No hay nada que enfade más a un adolescente que escuchar que sus problemas no son 'reales'. En principio porque esto es una falacia: aunque a veces no entendamos su origen, la ansiedad, la depresión y otras enfermedades mentales aquejan a cerca de la mitad de la población en España, sin ir muy lejos. Pero sobre todo porque los mayores de 50 no dejamos de repetírselo machaconamente: "pon de tu parte", "esfuérzate", "diviértete", "tienes todo el tiempo del mundo"... y el 'favorito' de todos: "yo a tu edad....".
Y nos cuesta verlo, pero ese puede ser un problema mayor que tenemos que enfrentar. Así que el primer paso a seguir para intentar comprenderlos es sencillo: aceptar que el hecho de que no entendamos algo no quiere decir que no exista. Tratándose de nuestros hijos bien vale la pena el esfuerzo por internalizar esta reflexión.
En una columna publicada en El Confidencial, la (joven) periodista Andrea Farnós traza una radiografía del veinteañero español de clase media: "Cobro poco más de 1.000 euros y me gasto gran parte de mi sueldo en invertir en cosas que no me recuerden que mis planes de futuro se difuminan. Boxeo, yoga, terapia (privada), viajes, alcohol y tabaco. Tuve mi primer ataque de ansiedad a los 15, algo con lo que convivo a diario desde entonces. Lejos de eso, soy una tía normal y corriente. Lo curioso es que a las personas de mi entorno les están ocurriendo cosas parecidas. Está todo el mundo regular tirando a mal".
En otro momento de su artículo, la periodista cita a otra veinteañera que dice una frase lapidaria: "lo peor es que no me pasa nada". Y es ese, precisamente, uno de los grandes escollos que afrontamos quienes acompañamos a adolescentes y jóvenes en ese encontrarle un sentido a todo esto: que aparentemente no les pasa nada. Es aquí donde debemos aplicar una segunda reflexión para intentar un mejor acompañamiento: esa nada es algo. Sobre todo porque el llamado vacío existencial no es nuevo. Cada generación se enfrenta a estímulos negativos que la hace perder el sentido de la vida: las guerras, por ejemplo, suelen tener un efecto devastador. Es muy difícil entender los de los otros porque no son nuestras experiencias, por eso para ellos a veces somos el equivalente emocional de tu abuelita con WhatsApp: nunca lo va pillar.
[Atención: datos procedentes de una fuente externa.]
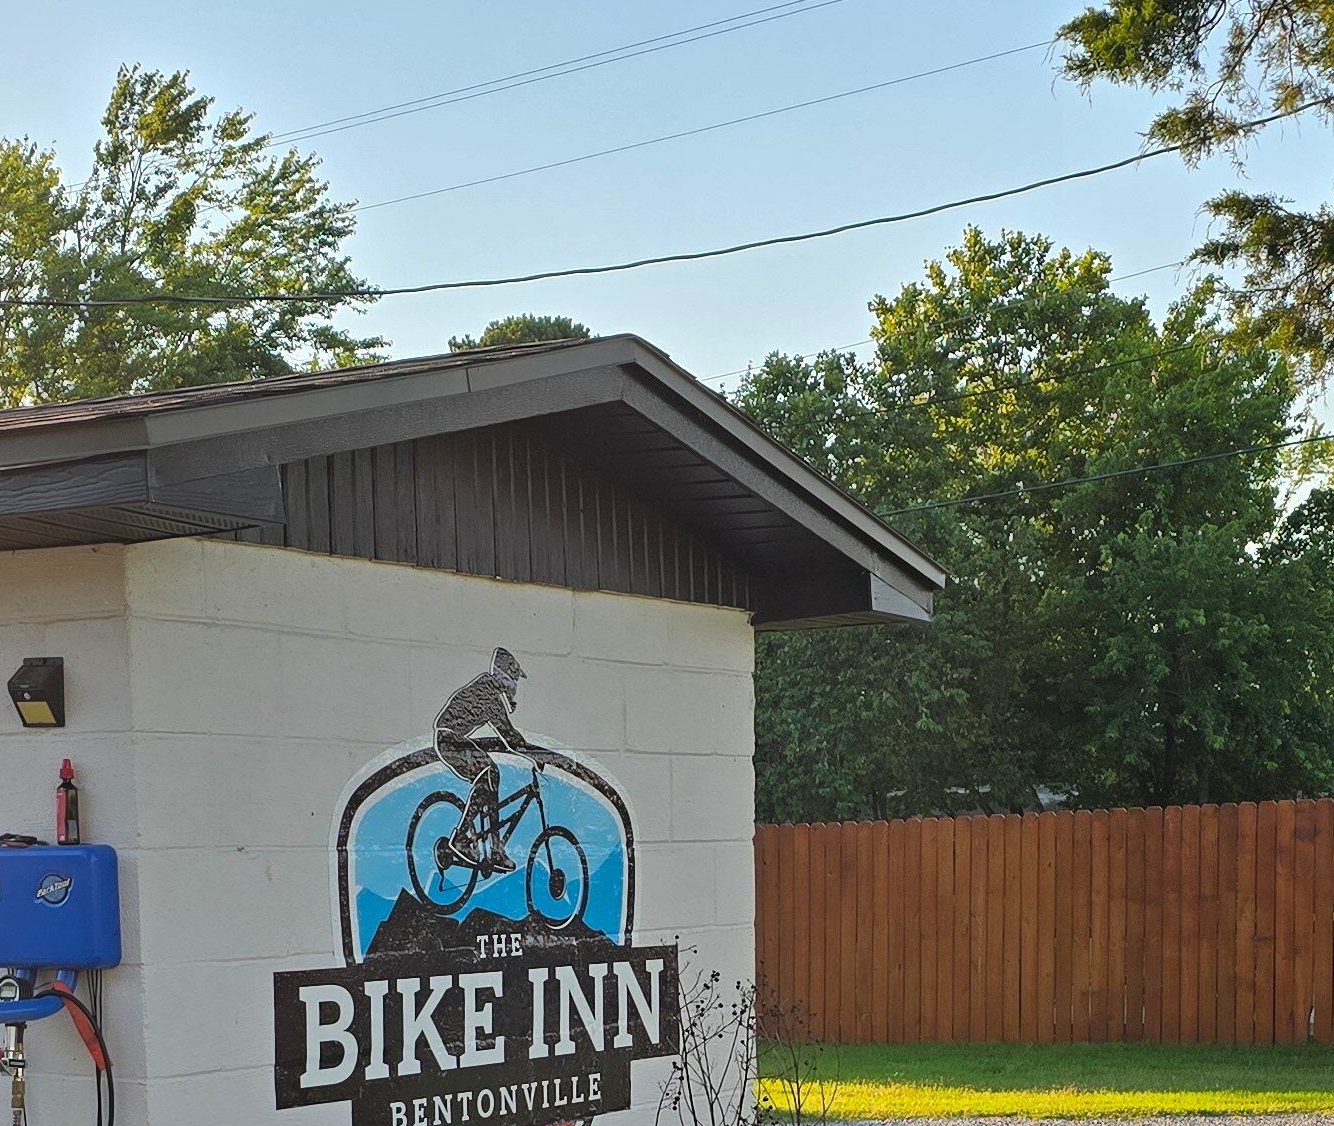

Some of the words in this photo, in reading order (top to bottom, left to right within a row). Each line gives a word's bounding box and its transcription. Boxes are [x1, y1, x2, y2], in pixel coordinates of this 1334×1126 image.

[477, 933, 523, 959] THE
[299, 971, 505, 1089] BIKE
[527, 958, 665, 1060] INN
En realidad, el problema es que si antes aceptábamos sin chistar que el trabajo era el medio (universal) para alcanzar un objetivo (común) que era el 'bienestar' (económico y 'por tanto' emocional) hoy los jóvenes no tienen ese objetivo grabado, como nosotros, en su personalidad. Dicho de otra manera, a nosotros se nos dijo que aunque estuviéramos en la mierda había un mundo por conquistar, y lo creímos o quisimos creerlo. Los chicos de la Generación Z ni se lo creen ni se lo quieren creer. Hay muchas, demasiadas pruebas, de que el mundo, al menos el mundo en el que les exigimos ser felices, tiene fecha de caducidad.
El tercer escollo es tal vez el más difícil de superar: cómo hacerles entender que la singularidad de sus experiencias responden a procesos similares que también nosotros hemos vivido y que pueden superarse. Porque no hay nada que enfade más a un adolescente que escuchar que 'todos pasamos por lo mismo'.
No, tal vez no hayamos pasado por lo mismo exactamente, pero hemos atravesado otros desiertos. Toca ser realistas con lo que les dejamos: que es en gran medida caos y desamparo existencial. Porque es solo encajando esa realidad, la suya, que podremos ayudarles a buscar las herramientas para construir otros refugios.